→ **Activity**
All of the records below need to be returned exactly.

--- Data supplied Enclosed Below ---

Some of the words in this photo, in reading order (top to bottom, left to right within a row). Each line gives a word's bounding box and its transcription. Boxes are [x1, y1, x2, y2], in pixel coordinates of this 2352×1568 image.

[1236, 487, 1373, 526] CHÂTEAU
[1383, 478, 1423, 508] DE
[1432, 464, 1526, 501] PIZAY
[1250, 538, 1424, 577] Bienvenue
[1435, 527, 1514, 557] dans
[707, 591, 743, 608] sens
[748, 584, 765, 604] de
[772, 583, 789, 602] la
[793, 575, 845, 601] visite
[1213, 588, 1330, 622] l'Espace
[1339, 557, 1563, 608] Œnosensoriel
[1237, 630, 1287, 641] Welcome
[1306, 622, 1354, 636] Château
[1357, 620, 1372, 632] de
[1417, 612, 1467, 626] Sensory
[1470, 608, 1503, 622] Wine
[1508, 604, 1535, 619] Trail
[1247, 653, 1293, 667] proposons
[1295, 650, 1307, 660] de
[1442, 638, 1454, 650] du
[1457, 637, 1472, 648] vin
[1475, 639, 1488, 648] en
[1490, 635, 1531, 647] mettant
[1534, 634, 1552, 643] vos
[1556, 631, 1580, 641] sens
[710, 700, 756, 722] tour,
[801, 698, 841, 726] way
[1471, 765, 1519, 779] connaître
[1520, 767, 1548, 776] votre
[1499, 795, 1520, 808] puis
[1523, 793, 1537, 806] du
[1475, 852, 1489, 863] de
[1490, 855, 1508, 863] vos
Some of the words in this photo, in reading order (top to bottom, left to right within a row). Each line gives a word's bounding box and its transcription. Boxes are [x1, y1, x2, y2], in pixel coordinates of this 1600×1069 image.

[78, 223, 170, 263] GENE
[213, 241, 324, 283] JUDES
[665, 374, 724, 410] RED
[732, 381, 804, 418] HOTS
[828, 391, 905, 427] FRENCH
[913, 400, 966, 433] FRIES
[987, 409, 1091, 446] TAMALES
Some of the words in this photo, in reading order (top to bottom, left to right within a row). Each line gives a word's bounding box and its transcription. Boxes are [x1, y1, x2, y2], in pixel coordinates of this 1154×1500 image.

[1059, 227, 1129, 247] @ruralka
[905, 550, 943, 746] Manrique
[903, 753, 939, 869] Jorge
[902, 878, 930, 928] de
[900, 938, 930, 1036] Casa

--- End of Enclosed Data supplied ---

→ **Finished exercise**
Some of the words in this photo, in reading order (top to bottom, left to right within a row). Each line gives a word's bounding box and its transcription. Boxes are [x1, y1, x2, y2], in pixel coordinates of this 2352×1568 image.

[1236, 487, 1373, 526] CHÂTEAU
[1383, 478, 1423, 508] DE
[1432, 464, 1526, 501] PIZAY
[1250, 538, 1424, 577] Bienvenue
[1435, 527, 1514, 557] dans
[707, 591, 743, 608] sens
[748, 584, 765, 604] de
[772, 583, 789, 602] la
[793, 575, 845, 601] visite
[1213, 588, 1330, 622] l'Espace
[1339, 557, 1563, 608] Œnosensoriel
[1237, 630, 1287, 641] Welcome
[1306, 622, 1354, 636] Château
[1357, 620, 1372, 632] de
[1417, 612, 1467, 626] Sensory
[1470, 608, 1503, 622] Wine
[1508, 604, 1535, 619] Trail
[1247, 653, 1293, 667] proposons
[1295, 650, 1307, 660] de
[1442, 638, 1454, 650] du
[1457, 637, 1472, 648] vin
[1475, 639, 1488, 648] en
[1490, 635, 1531, 647] mettant
[1534, 634, 1552, 643] vos
[1556, 631, 1580, 641] sens
[710, 700, 756, 722] tour,
[801, 698, 841, 726] way
[1471, 765, 1519, 779] connaître
[1520, 767, 1548, 776] votre
[1499, 795, 1520, 808] puis
[1523, 793, 1537, 806] du
[1475, 852, 1489, 863] de
[1490, 855, 1508, 863] vos
Some of the words in this photo, in reading order (top to bottom, left to right within a row). Each line gives a word's bounding box and its transcription. Boxes are [x1, y1, x2, y2], in pixel coordinates of this 1600×1069 image.

[78, 223, 170, 263] GENE
[213, 241, 324, 283] JUDES
[665, 374, 724, 410] RED
[732, 381, 804, 418] HOTS
[828, 391, 905, 427] FRENCH
[913, 400, 966, 433] FRIES
[987, 409, 1091, 446] TAMALES
Some of the words in this photo, in reading order (top to bottom, left to right within a row). Each line gives a word's bounding box and its transcription. Boxes are [x1, y1, x2, y2], in pixel coordinates of this 1154×1500 image.

[1059, 227, 1129, 247] @ruralka
[905, 550, 943, 746] Manrique
[903, 753, 939, 869] Jorge
[902, 878, 930, 928] de
[900, 938, 930, 1036] Casa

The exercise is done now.